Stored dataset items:
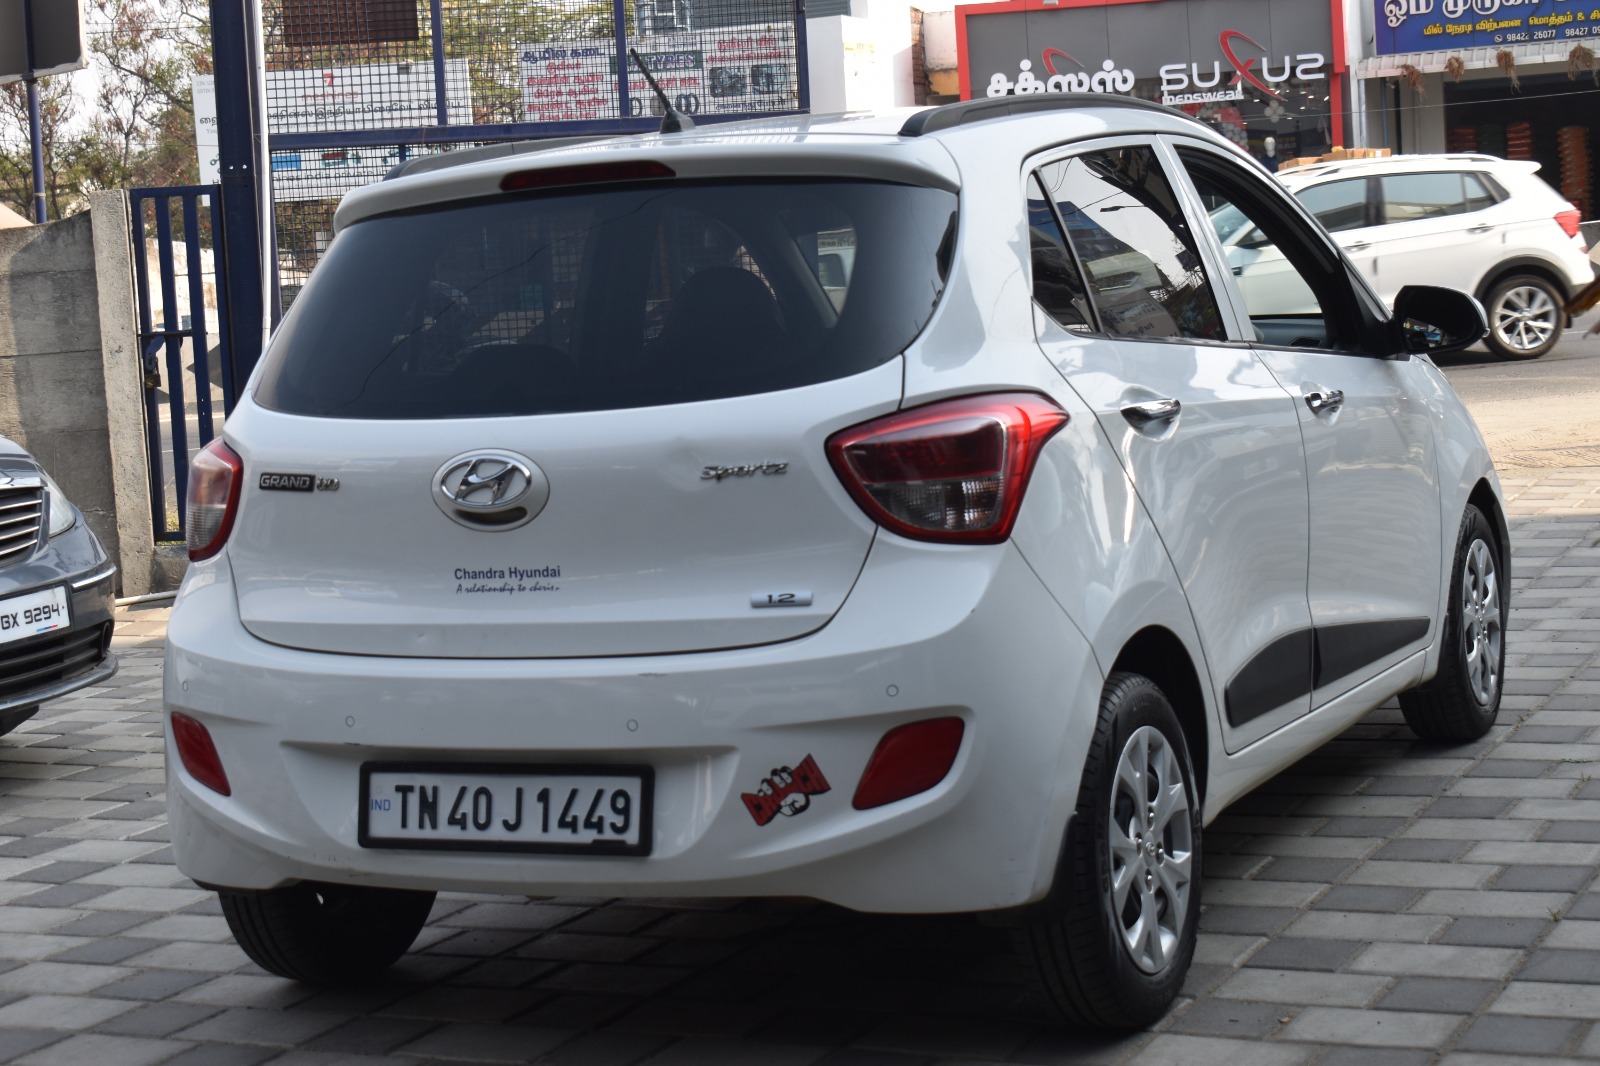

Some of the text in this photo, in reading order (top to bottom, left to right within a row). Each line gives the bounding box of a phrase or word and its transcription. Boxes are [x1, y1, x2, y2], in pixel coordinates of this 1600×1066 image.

[1533, 29, 1556, 39] 26077
[1565, 27, 1588, 37] 98427
[645, 52, 696, 71] TYRES
[701, 461, 789, 482] Sportz
[260, 475, 310, 488] GRAND
[454, 565, 561, 581] Chandra Hyundai
[456, 583, 463, 594] A
[465, 582, 516, 595] relationship
[518, 584, 527, 592] to
[24, 603, 61, 625] 9294
[371, 799, 391, 811] IND
[536, 787, 632, 834] 1449
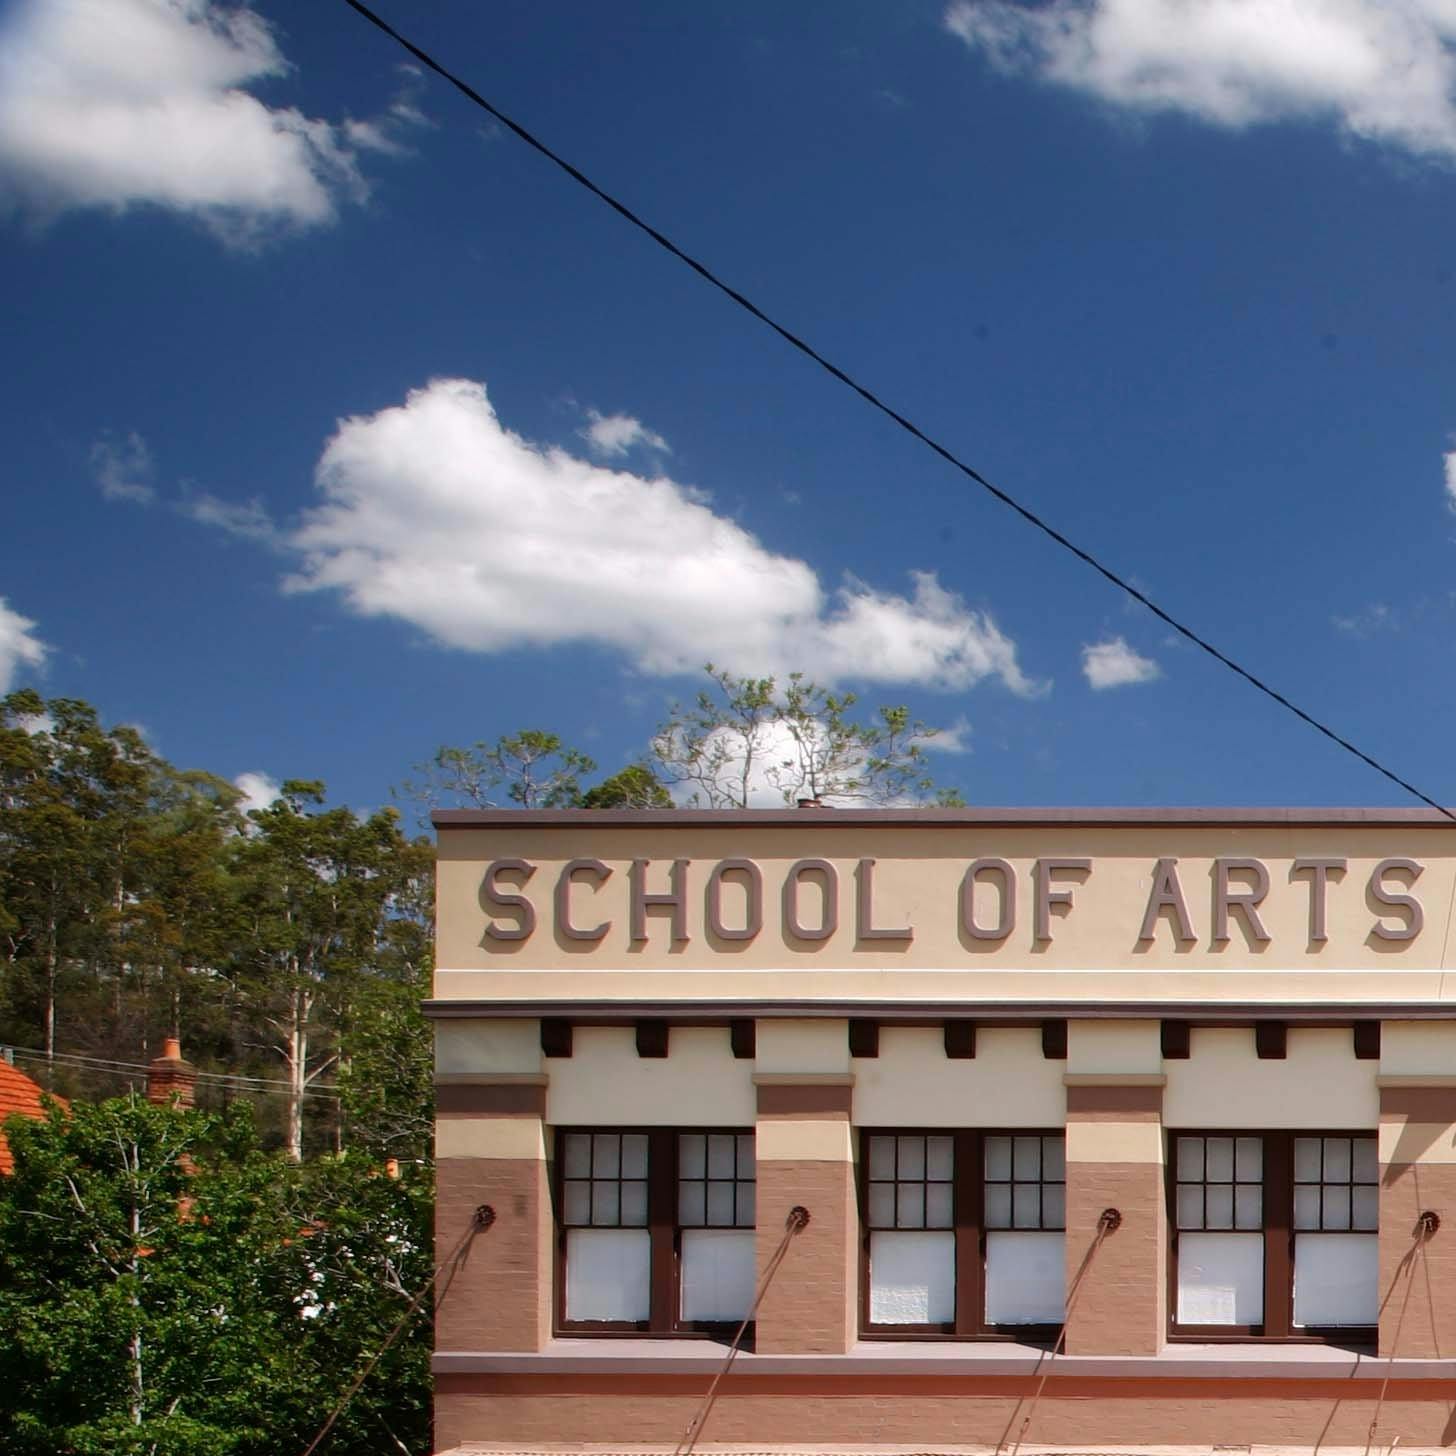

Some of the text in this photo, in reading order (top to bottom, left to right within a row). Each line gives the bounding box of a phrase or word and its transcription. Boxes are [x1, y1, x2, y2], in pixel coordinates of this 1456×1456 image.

[479, 857, 1425, 952] SCHOOL OF ARTS

Aim of the exercise: Each line from the one containing "this 1456×1456 image." through the end of the entries, both included, is to be returned exactly, with no other lines.

Output of the task:
Some of the text in this photo, in reading order (top to bottom, left to right within a row). Each line gives the bounding box of a phrase or word and its transcription. Boxes are [x1, y1, x2, y2], in pixel coordinates of this 1456×1456 image.

[479, 857, 1425, 952] SCHOOL OF ARTS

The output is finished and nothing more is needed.